É péssimo agora o clima no qual o STF terá mais uma vez de ratificar ou não seus próprios passos. Aos poucos instalou-se uma guerra entre o Ministério Público e ministros do Supremo, cuja estridência elevou-se depois que o site The Intercept revelou diálogos entre o então juiz Sergio Moro e os procuradores da Lava-Jato em Curitiba. As conversas não foram desmentidas e, entre elas, além de indícios que podem comprometer a imparcialidade de Moro, revelou-se a intenção de buscar informações comprometedoras sobre o presidente do STF, Dias Toffoli, e o ministro Gilmar Mendes, a partir de expedientes “informais” junto à Receita Federal.

O ex-presidente Luiz Inácio Lula da Silva foi preso em abril de 2018, não sem antes ter sido liberado por Moro o conteúdo de grampos que excederam o prazo legal de gravação. Em um dos diálogos, a então presidente Dilma Rousseff fala sobre o envio de diploma legal para que Lula se tornasse ministro. Gilmar Mendes impediu Lula de assumir e Moro, que depois tornou-se ministro da Justiça de Bolsonaro, virou também alvo de Gilmar. Este, trata hoje os procuradores da Lava-Jato de “canalhas”.

À recém-manifesta má vontade com a Lava-Jato e seus métodos, que passaram a ser questionados, soma-se a interessada má vontade do Congresso em relação à operação, que desvendou transações suspeitas de dezenas de parlamentares. Ao mesmo tempo em que, na queda de braço contra Moro, está mutilando seu pacote de segurança, forjou-se um pacote contra o abuso de autoridade, parcialmente vetado pelo presidente Jair Bolsonaro.

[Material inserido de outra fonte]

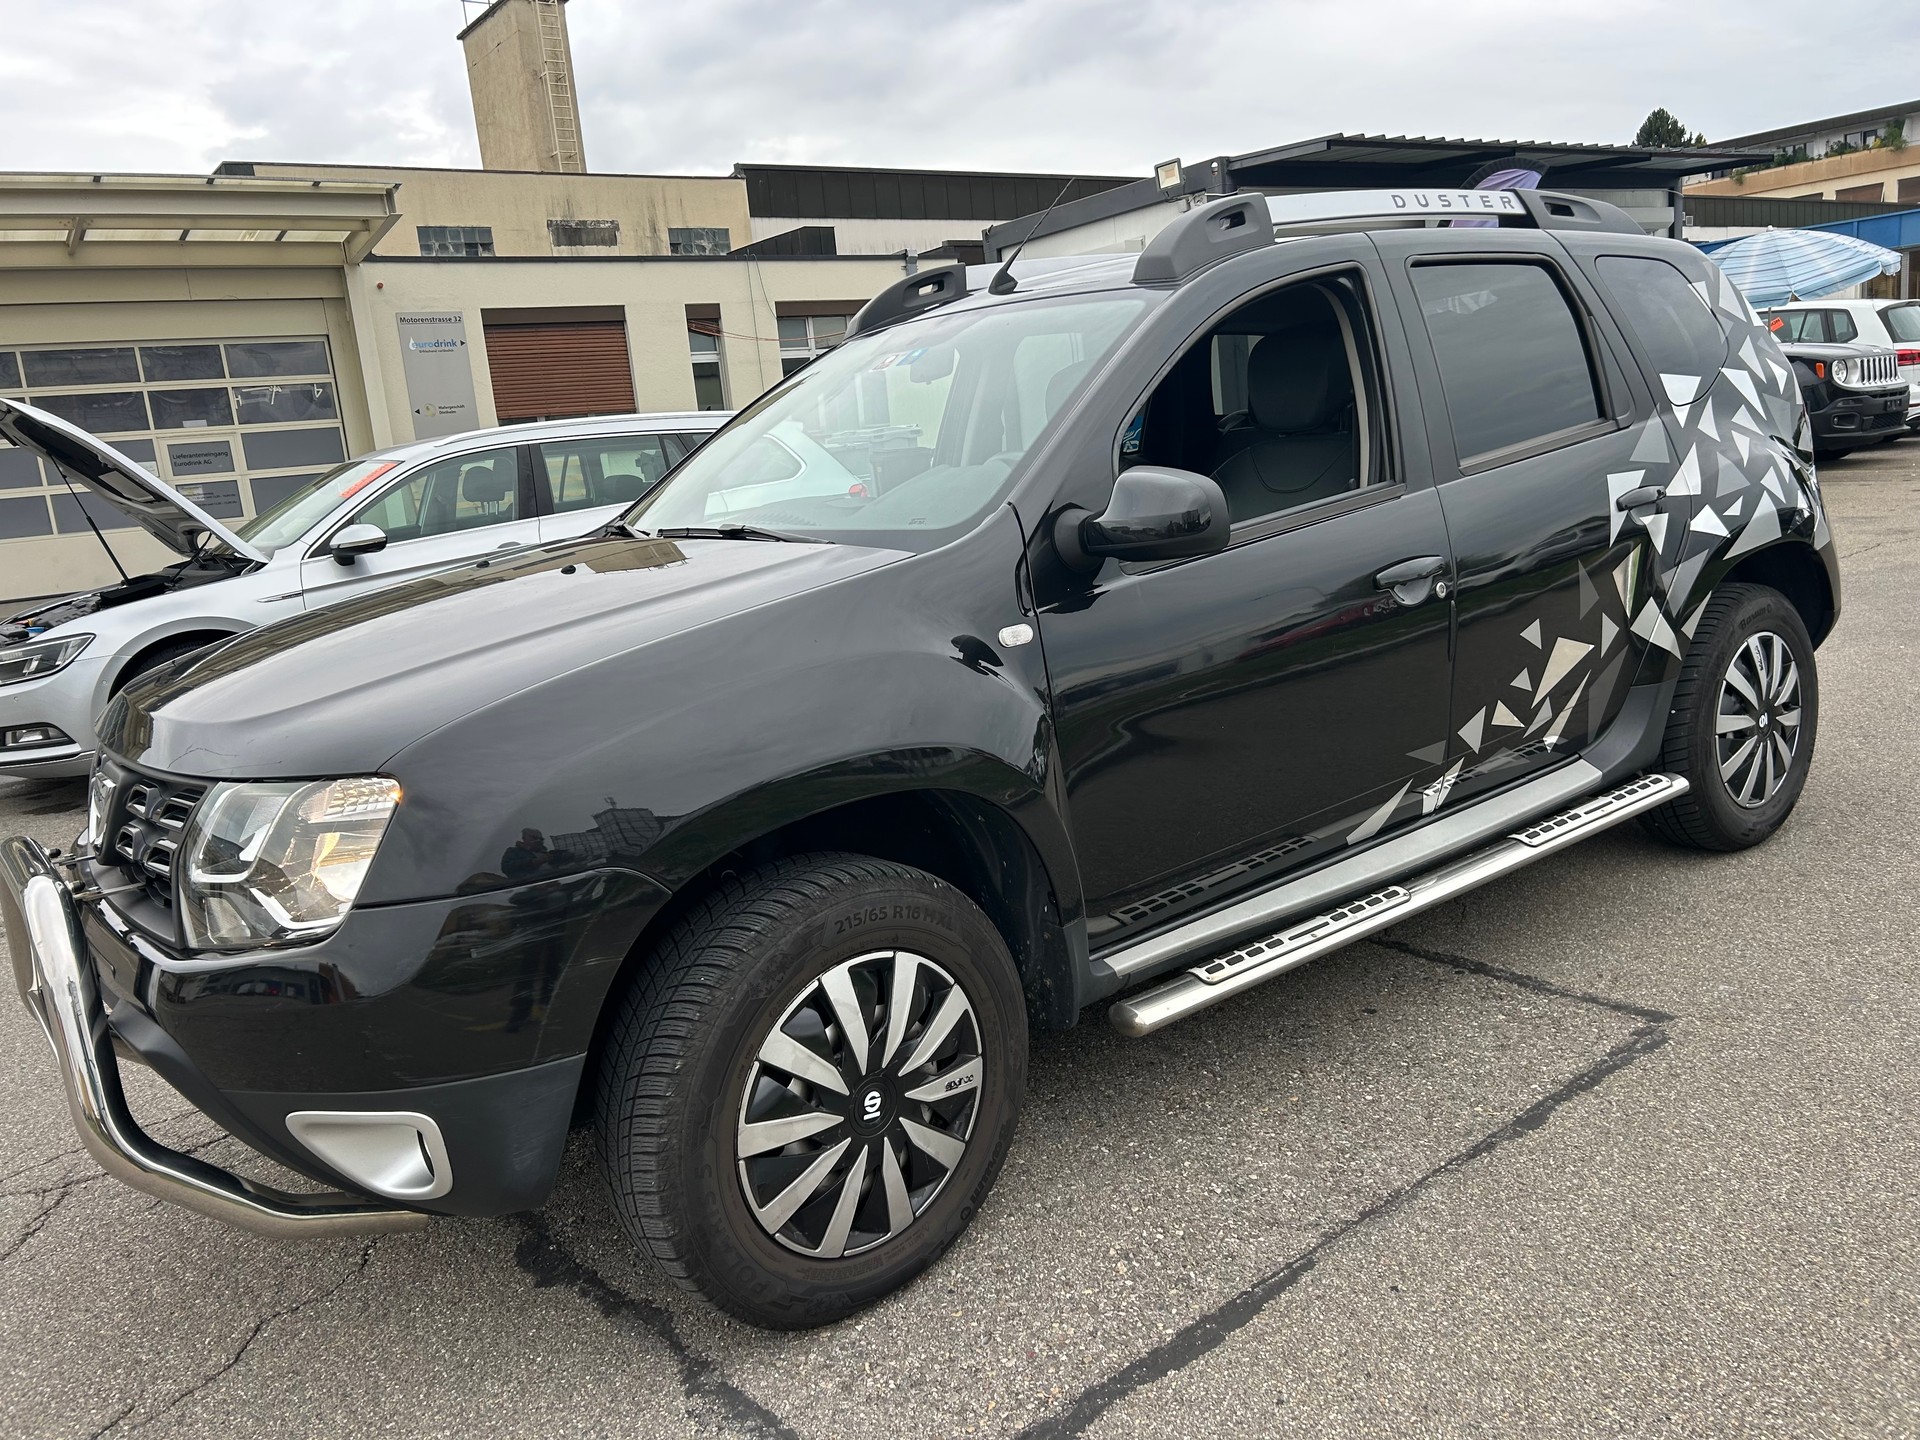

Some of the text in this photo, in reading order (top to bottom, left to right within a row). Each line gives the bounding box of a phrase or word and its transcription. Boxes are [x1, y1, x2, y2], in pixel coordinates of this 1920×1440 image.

O Executivo imiscuiu-se no imbróglio. Toffoli suspendeu investigações com base nos dados da Coaf a partir de liminar do filho de Bolsonaro, Flavio, suspeito de envolvimento com milícias e “rachadinhas” com salários de funcionários da Assembleia Legislativa do Rio. Todo o ímpeto eleitoral anticorrupção de Bolsonaro esvaiu-se logo e o presidente passou a criticar a Polícia Federal e a desgastar o ministro Moro. Como se fosse pouco, o STF assumiu o papel de inimigo de si próprio, após Toffoli determinar investigações ilegais, sem objeto, com relator não sorteado, sobre “fake news” - como ameaças nas redes sociais a ministros do Supremo feitas por bolsonaristas.

Há rivalidade de todos contra todos nos Poderes da República e a questão da prisão em segunda instância condensa uma vasta gama de interesses divergentes. Nesta hora, o Tribunal precisaria mostrar grandeza compatível com seu poder. Decide-se, afinal, pela maior ou menor morosidade na punição de crimes como o de corrupção, terreno onde se juntam advogados milionários com grandes conexões com o poder, políticos com influência nas Cortes, empresários e o submundo do crime.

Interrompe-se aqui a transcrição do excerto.